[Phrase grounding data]
·····

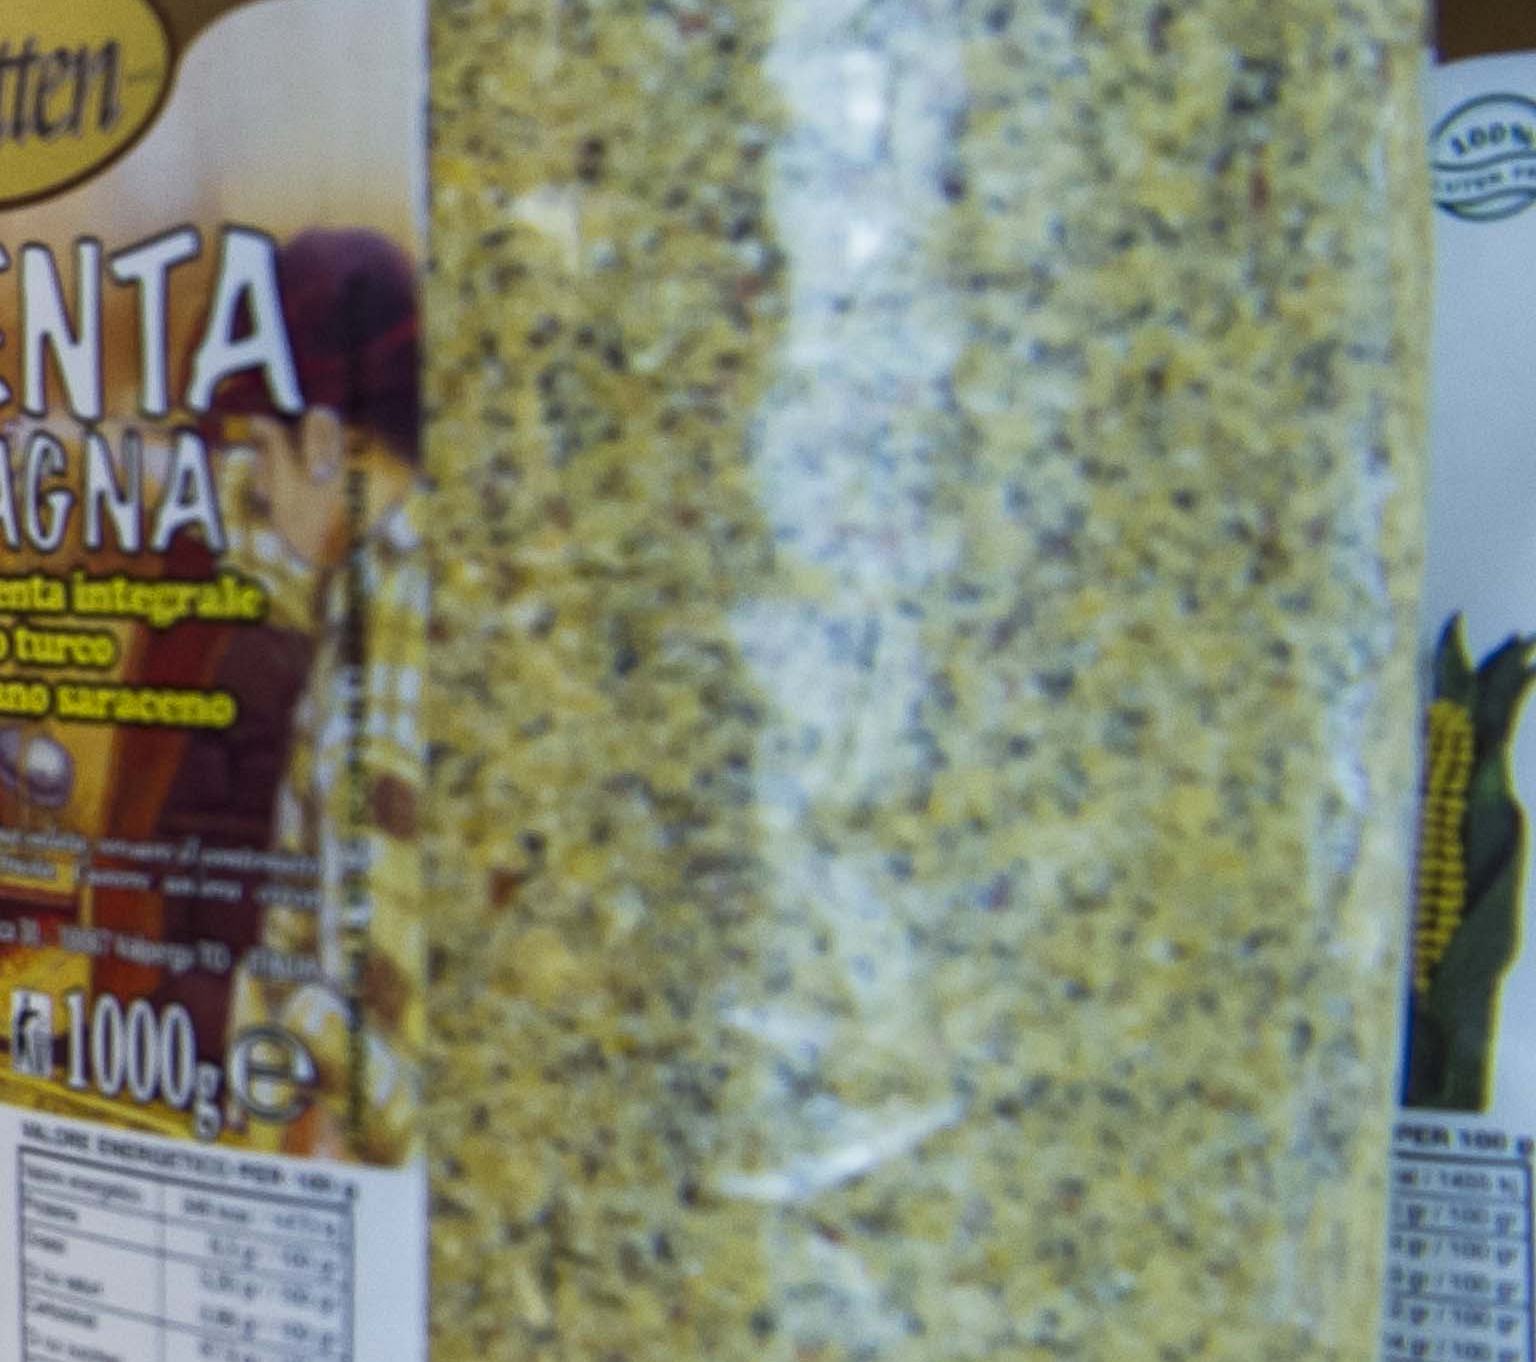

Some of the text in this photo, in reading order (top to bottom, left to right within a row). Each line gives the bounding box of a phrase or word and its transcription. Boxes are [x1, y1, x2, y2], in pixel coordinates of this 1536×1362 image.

[71, 569, 268, 629] integrale
[14, 626, 118, 667] turco
[56, 681, 238, 729] saraceno
[65, 992, 195, 1111] 1000
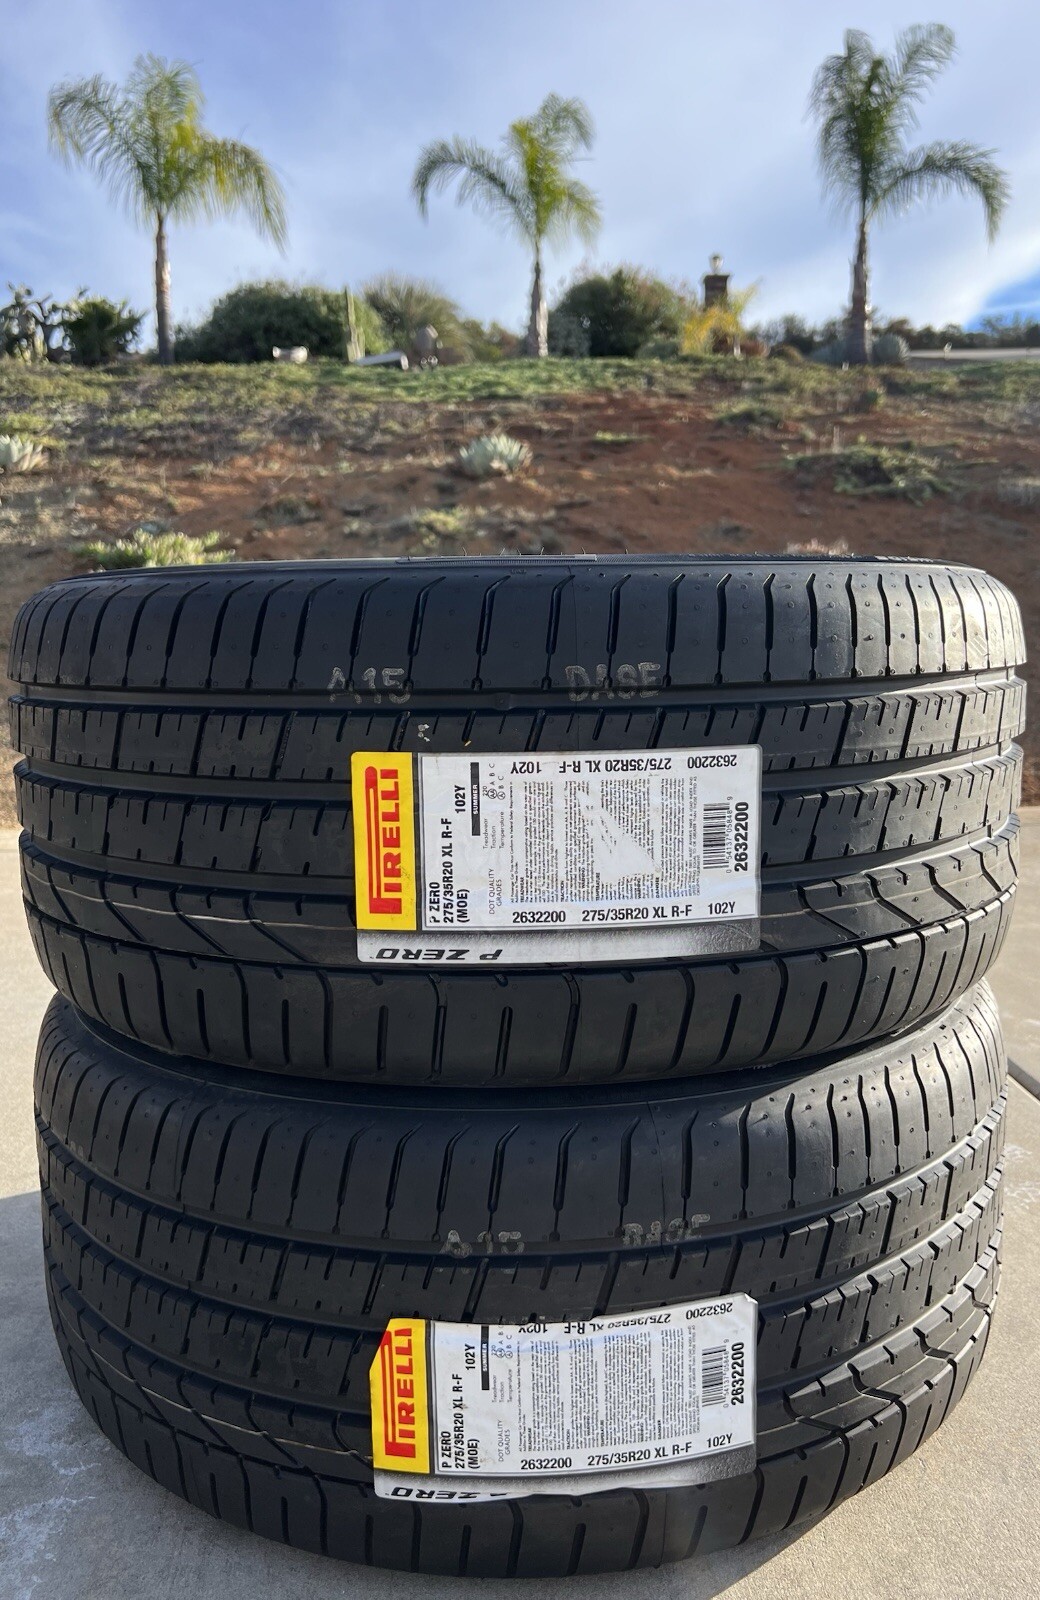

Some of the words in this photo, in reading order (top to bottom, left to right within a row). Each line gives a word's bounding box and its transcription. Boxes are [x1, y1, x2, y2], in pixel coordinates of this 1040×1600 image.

·····

> WHAT TO DO
Please output the records exactly, leaving the pictures out.

> TASK SOLUTION
Some of the text in this photo, in reading order (top to bottom, left to right within a row). Each line gives the bounding box of a phrase or word and its transcription. Boxes are [x1, y1, x2, y2], in pixel coordinates of this 1536×1362 image.

[71, 569, 268, 629] integrale
[14, 626, 118, 667] turco
[56, 681, 238, 729] saraceno
[65, 992, 195, 1111] 1000

Some of the words in this photo, in reading order (top to bottom, left to right within a row). Each line gives a word's bounding box and its transcription. Boxes are [x1, y1, x2, y2], in pixel coordinates of this 1040×1600 image.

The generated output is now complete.